What to work on: Please write out the line containing "this 1920×1080 image." and each line after it through the end of the data, exactly, and nothing else.

Data for processing:
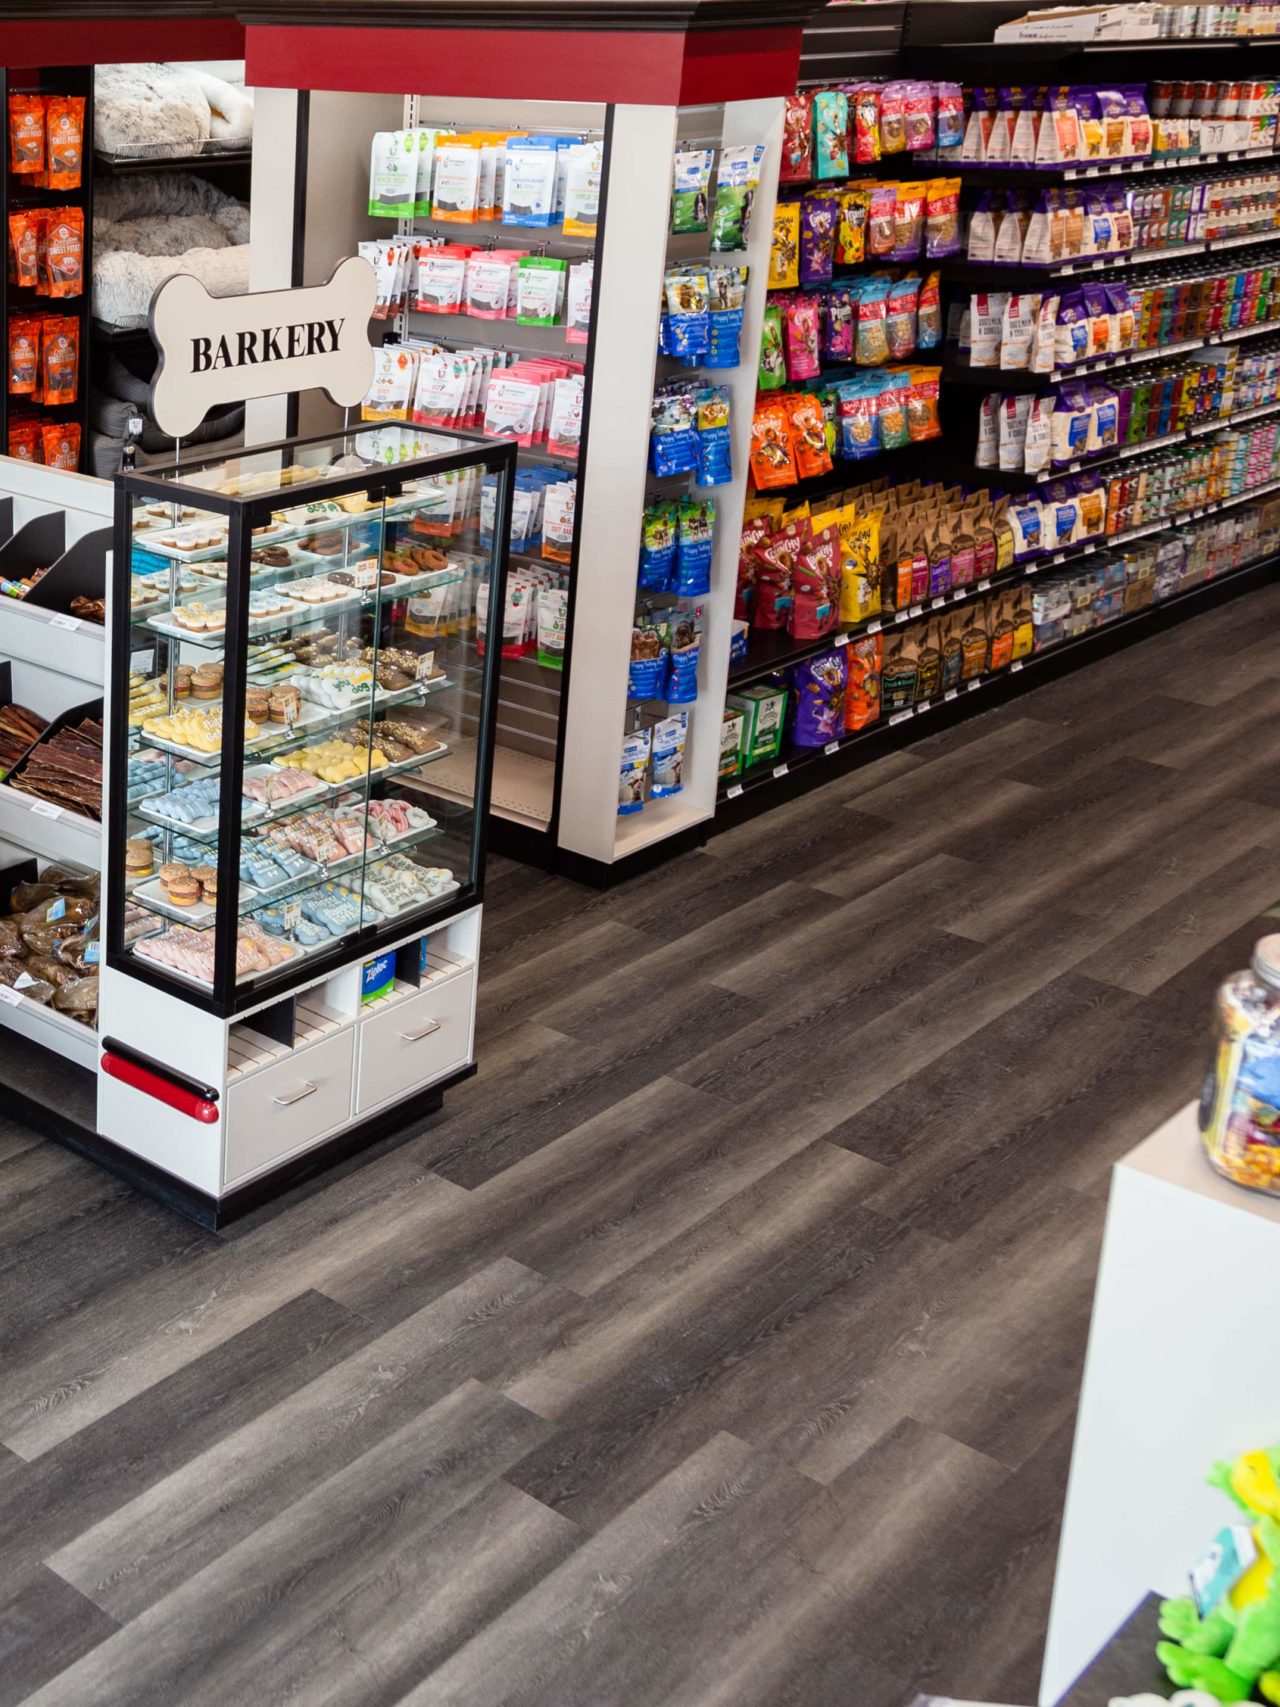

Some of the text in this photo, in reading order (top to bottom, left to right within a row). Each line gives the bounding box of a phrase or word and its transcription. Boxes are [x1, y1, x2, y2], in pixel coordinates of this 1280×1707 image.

[190, 318, 346, 374] BARKERY
[333, 680, 371, 694] you dog
[366, 959, 388, 984] Ziploc
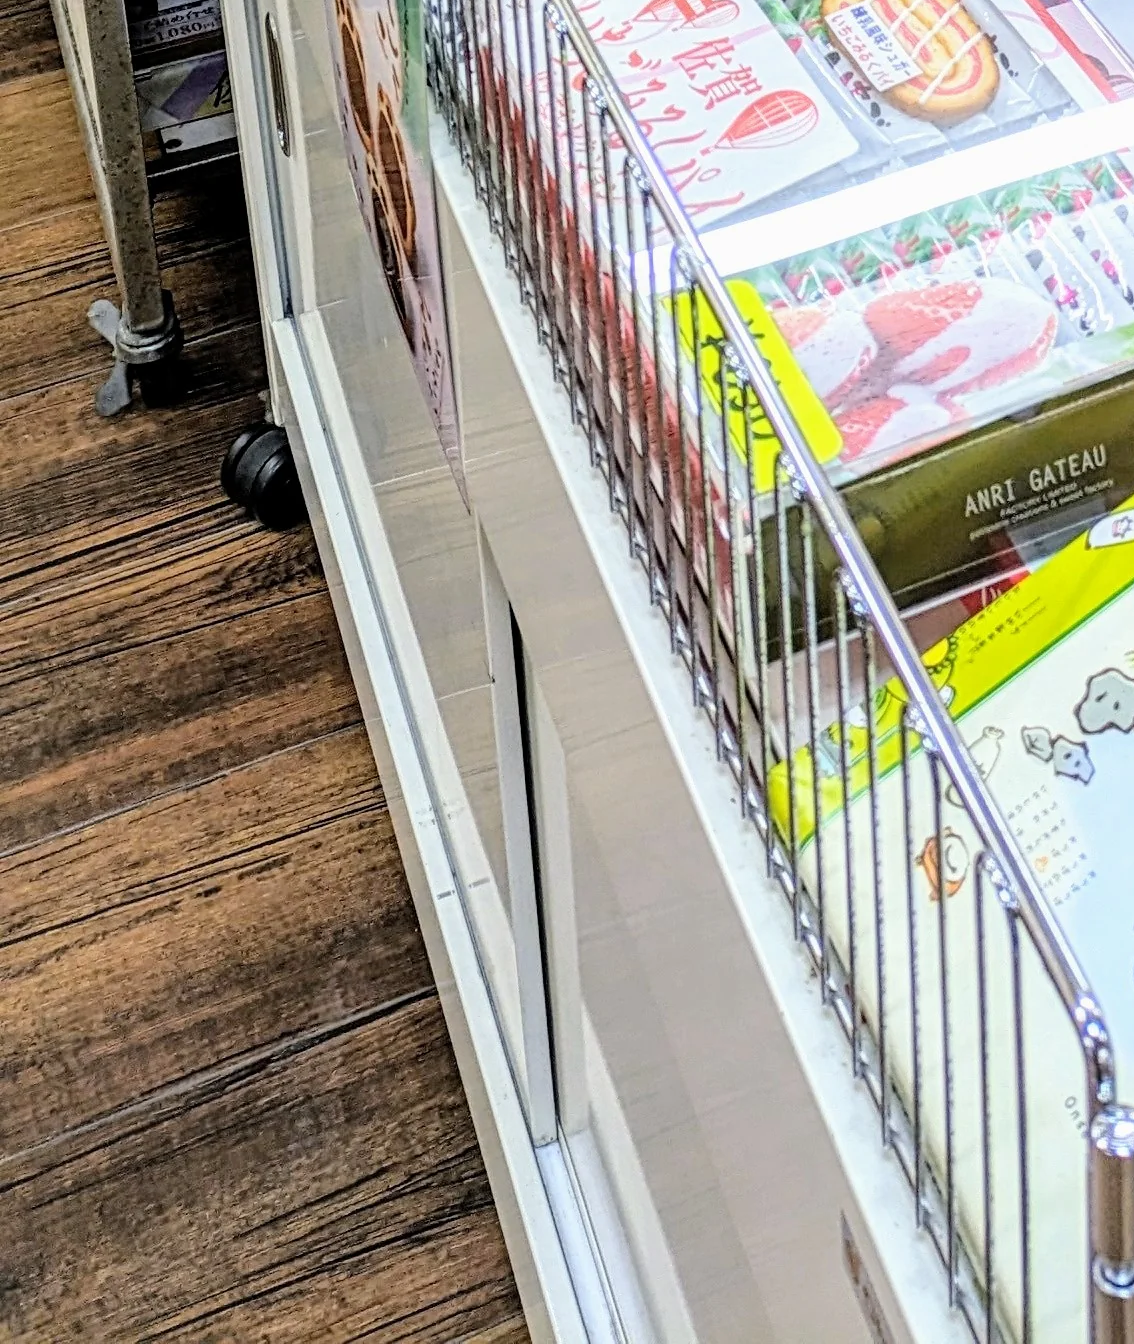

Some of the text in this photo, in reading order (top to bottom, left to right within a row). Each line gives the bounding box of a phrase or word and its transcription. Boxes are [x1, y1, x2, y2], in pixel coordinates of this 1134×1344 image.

[671, 37, 763, 111] 佐賀
[829, 13, 897, 90] いちごみるくパイ
[964, 477, 1018, 518] ANRI
[1028, 443, 1107, 493] GATEAU
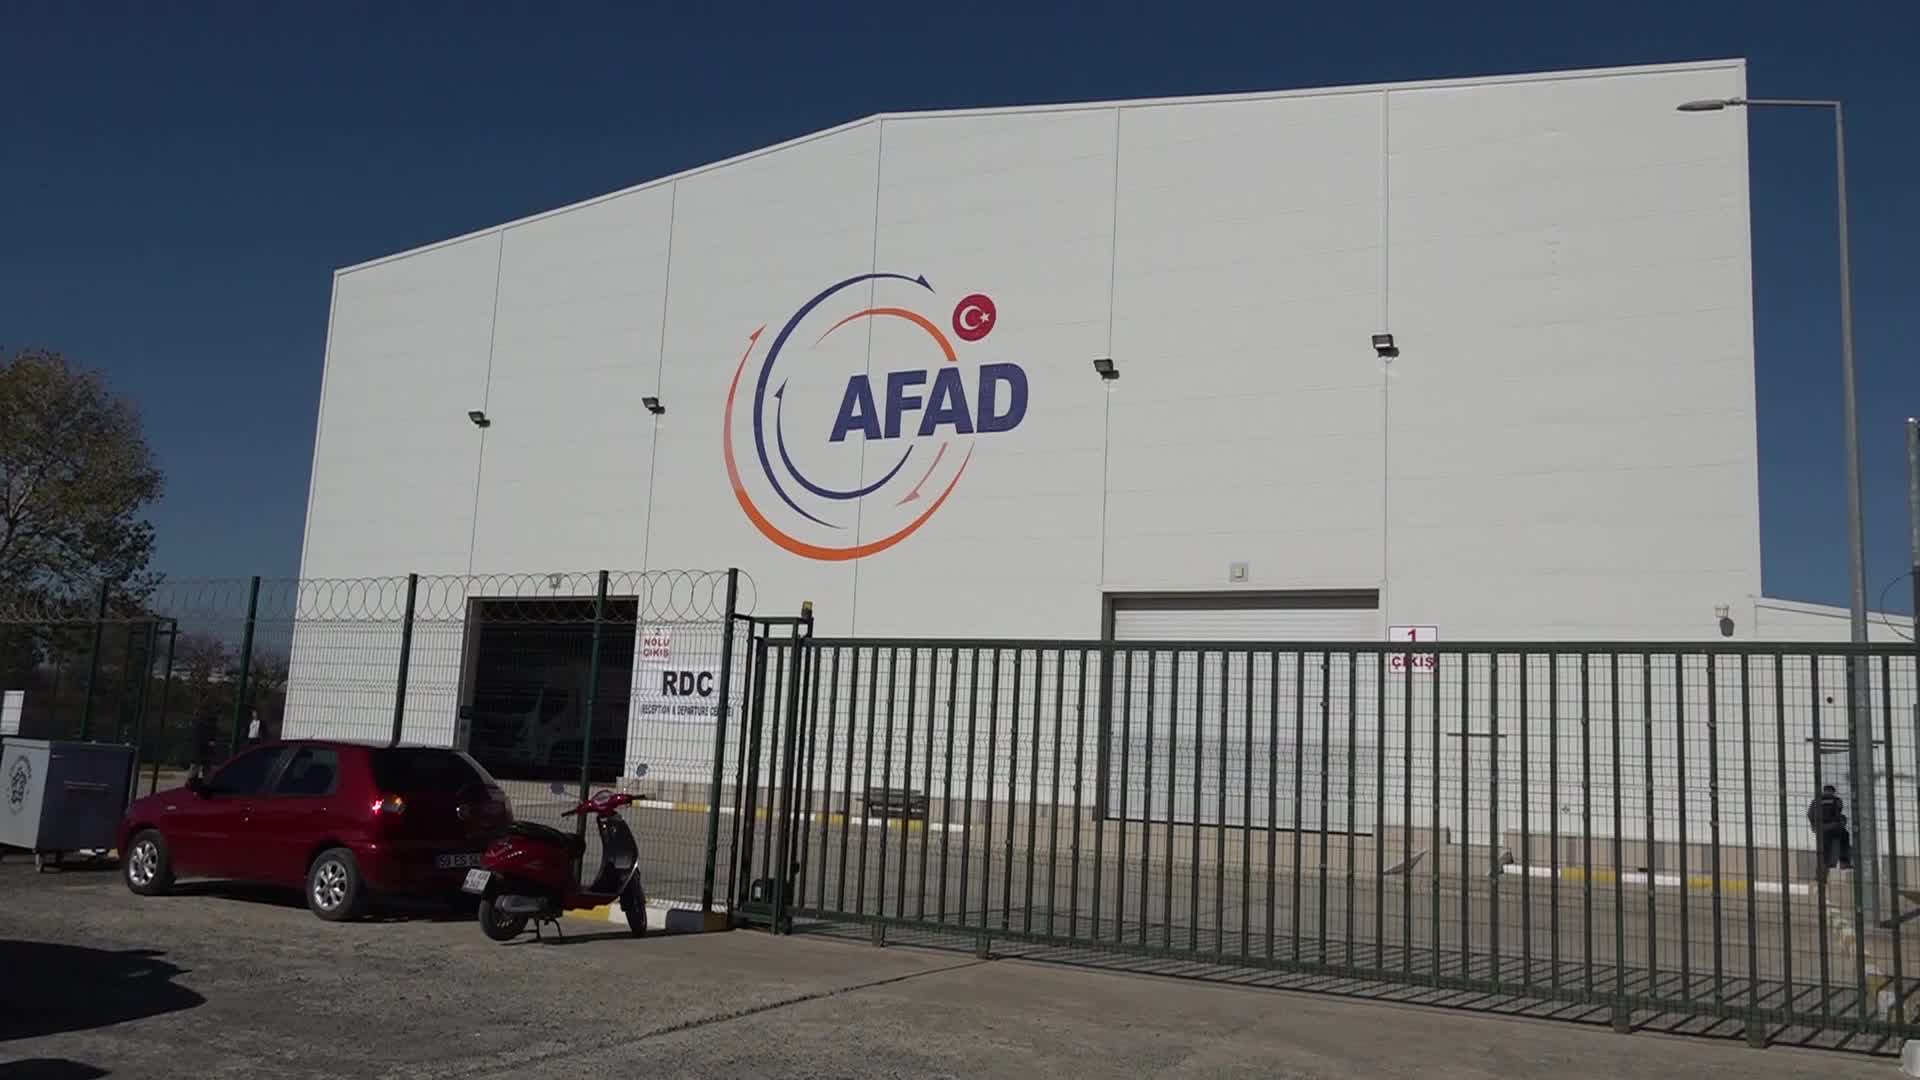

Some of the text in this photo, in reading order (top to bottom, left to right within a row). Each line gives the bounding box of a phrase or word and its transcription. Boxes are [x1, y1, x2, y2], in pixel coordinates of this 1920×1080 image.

[829, 363, 1028, 442] AFAD
[643, 638, 670, 647] NOLU
[1408, 628, 1417, 642] 1
[662, 671, 713, 697] RDC

Solution to the exercise:
Some of the text in this photo, in reading order (top to bottom, left to right within a row). Each line gives the bounding box of a phrase or word and its transcription. Boxes are [x1, y1, x2, y2], in pixel coordinates of this 1920×1080 image.

[829, 363, 1028, 442] AFAD
[643, 638, 670, 647] NOLU
[1408, 628, 1417, 642] 1
[662, 671, 713, 697] RDC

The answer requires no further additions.